Data under study:
▶
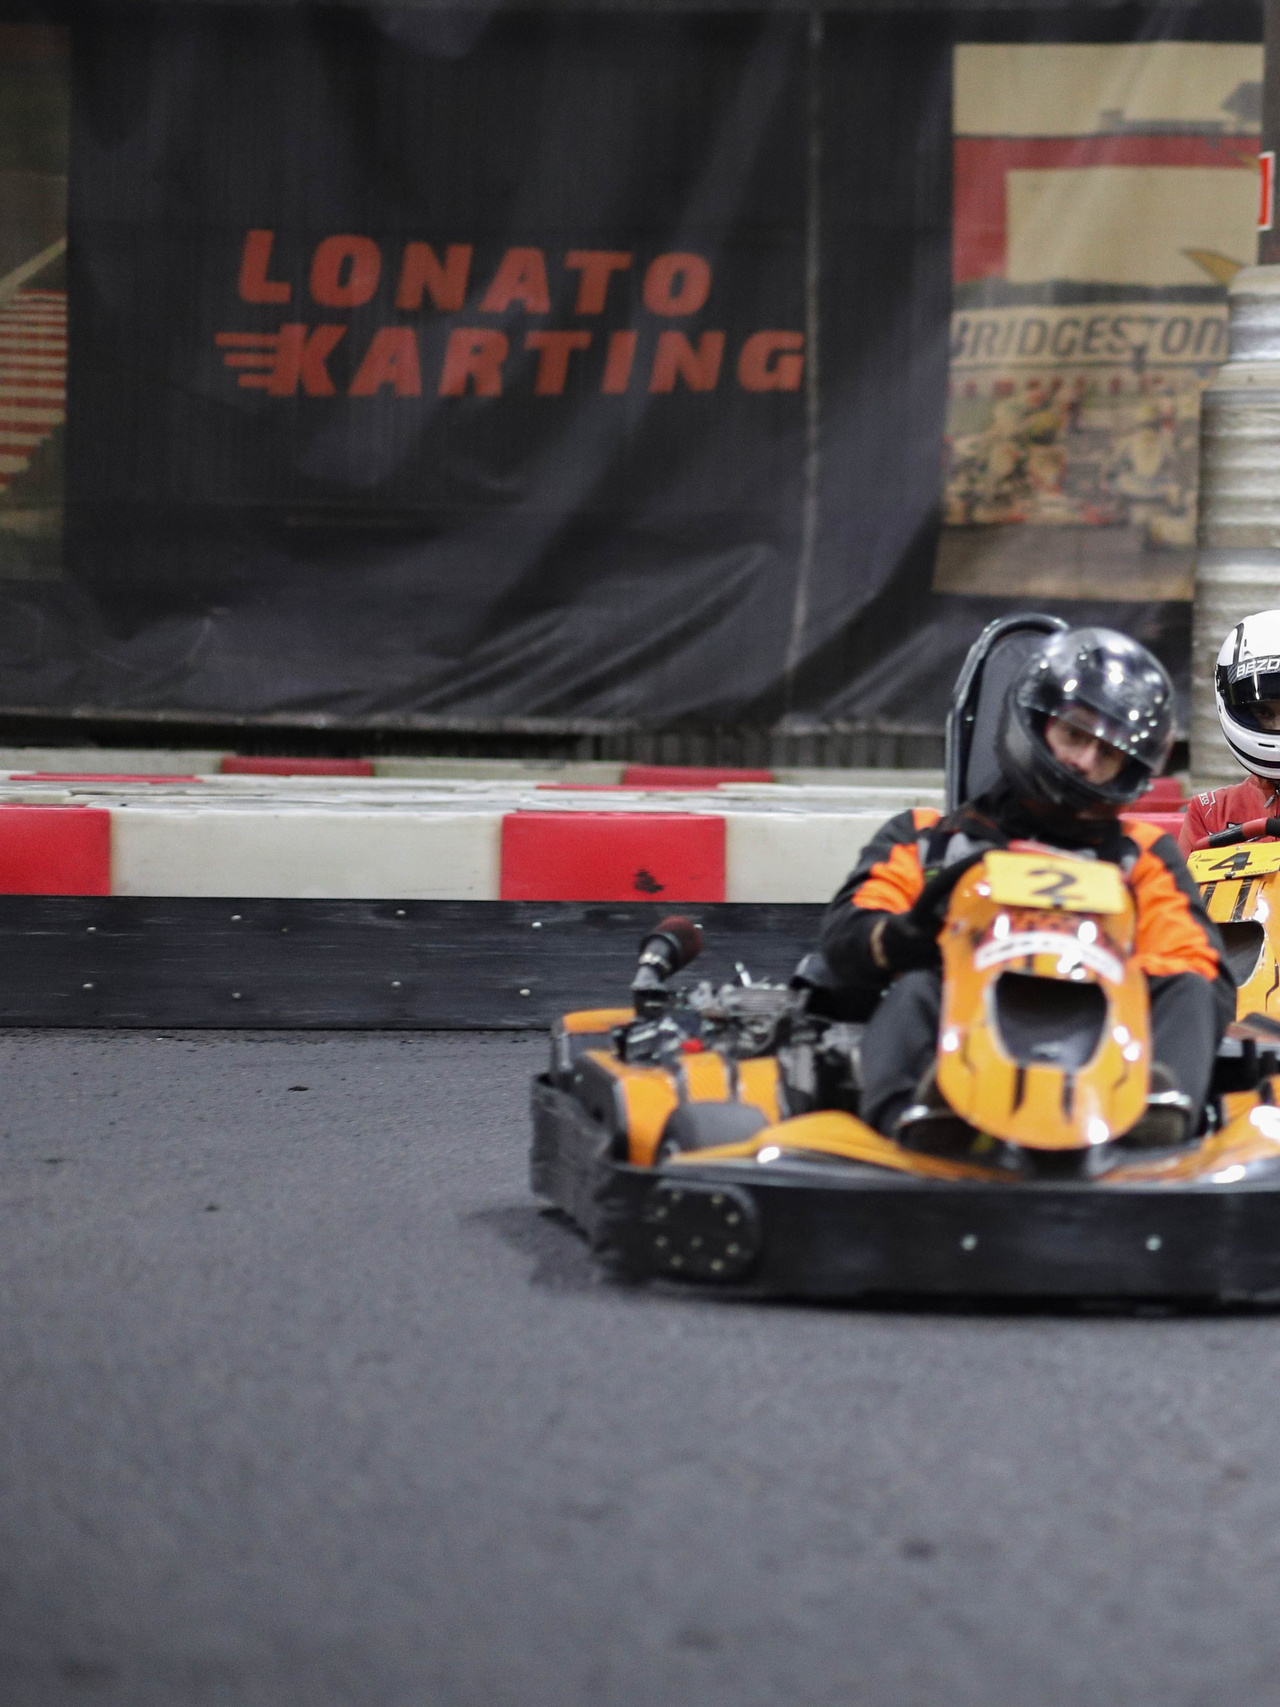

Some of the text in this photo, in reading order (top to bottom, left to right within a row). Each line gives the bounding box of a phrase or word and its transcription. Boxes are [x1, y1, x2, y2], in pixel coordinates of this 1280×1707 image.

[238, 229, 712, 318] LONATO
[266, 323, 805, 398] KARTING
[1028, 868, 1086, 901] 2
[1208, 851, 1252, 872] 4
◀
What is required:
The copy you output must match the entries above exactly, except that it has no pictures.

Response below:
Some of the text in this photo, in reading order (top to bottom, left to right within a row). Each line gives the bounding box of a phrase or word and its transcription. Boxes are [x1, y1, x2, y2], in pixel coordinates of this 1280×1707 image.

[238, 229, 712, 318] LONATO
[266, 323, 805, 398] KARTING
[1028, 868, 1086, 901] 2
[1208, 851, 1252, 872] 4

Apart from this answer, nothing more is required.